Blinking the thoughts away, she leapt over a few hedges and landed on a very low hanging branch that appeared to drag along the ground. After what must have been nearly half the night, she'd wound an agonizing serpentine trail through the bramble forest. Very little ground had been gained due to the difficulty of the steep and thorny terrain, and there was likely still a ways to go.
Trying to catch her breath, Amandil surveyed her surroundings while still in panther form. She was very close to the border between Ashenvale and Felwood, and the contrast showed. Many of the purple and green leaves in the canopy began to turn orange or even black, and the vines that wrapped around everything became thornier. The very ground itself felt corrupt, as if a measure of the environmental disease in Felwood had expanded outward. Perturbed by the feeling of degradation, she leapt upward into the boughs of the nearest tree, nearly slipping off due to her poor perception.

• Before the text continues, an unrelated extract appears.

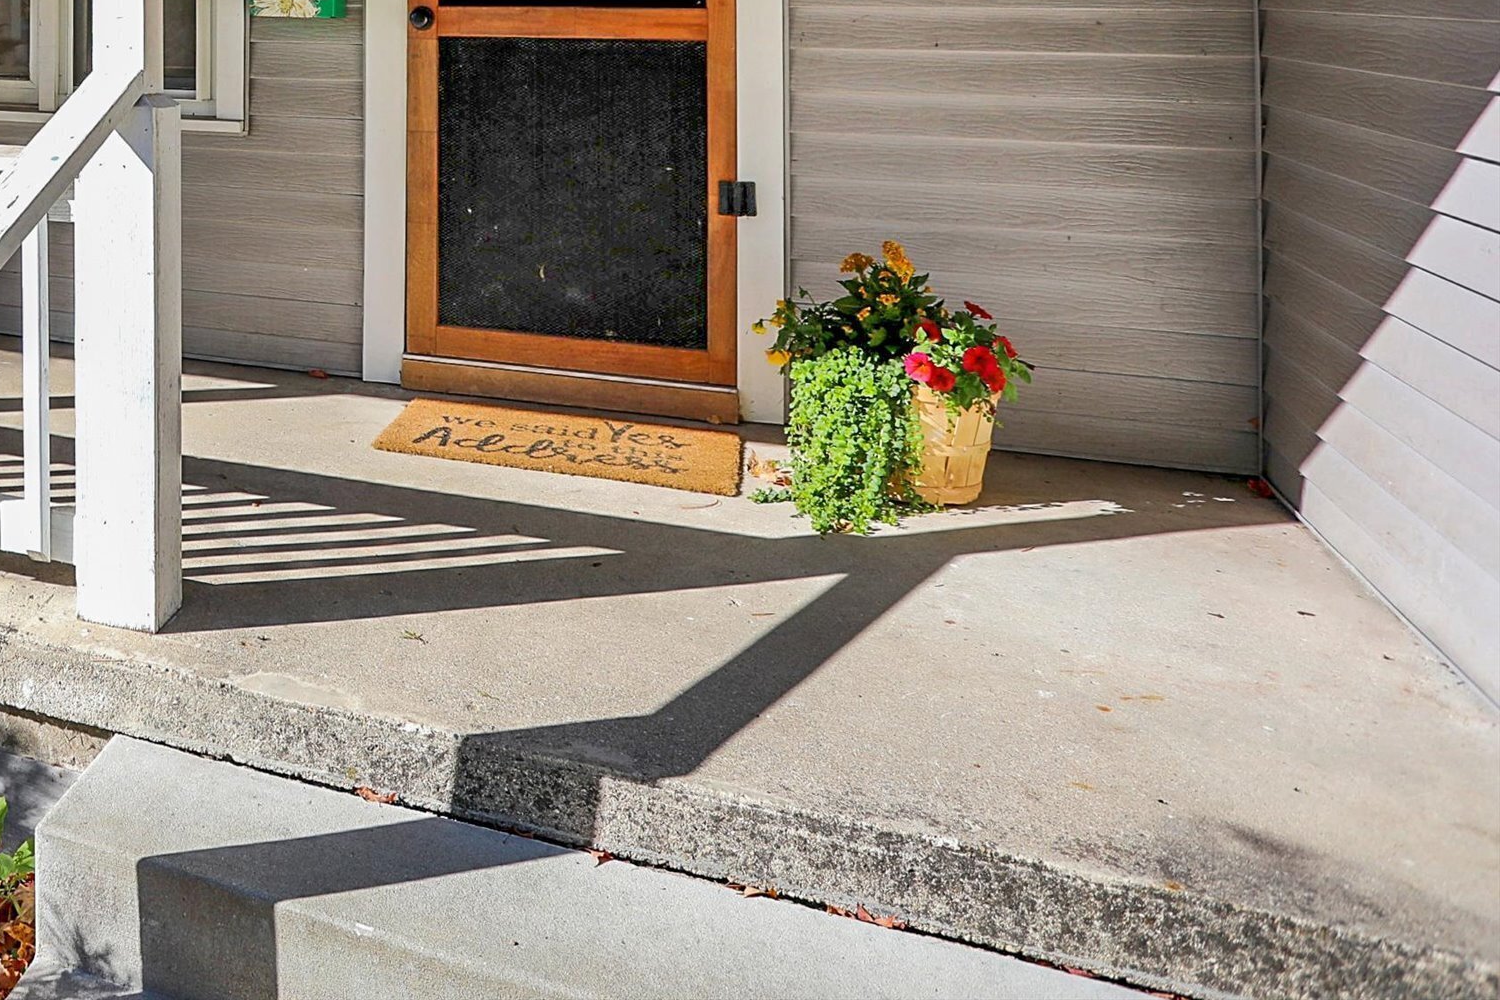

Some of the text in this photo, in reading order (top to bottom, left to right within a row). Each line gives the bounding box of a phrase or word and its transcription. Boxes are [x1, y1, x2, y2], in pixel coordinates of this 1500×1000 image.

[412, 426, 690, 474] Address
[510, 423, 598, 440] said
[603, 420, 692, 450] Yes

From her new vantage point, she could see the difference. Off in the distance, the canopy became even darker still when Felwood itself began, and the transition made her current position seem better in comparison. That still left the last leg of her journey, however, since she had to find a way to wrap around to the southwest retreat further into Ashenvale but at a higher altitude. Sifting through her mental image of the map, she tried to think of ways to reach the destination. So engrossed was she that she didn't notice the two green spotlights shining on her from another branch.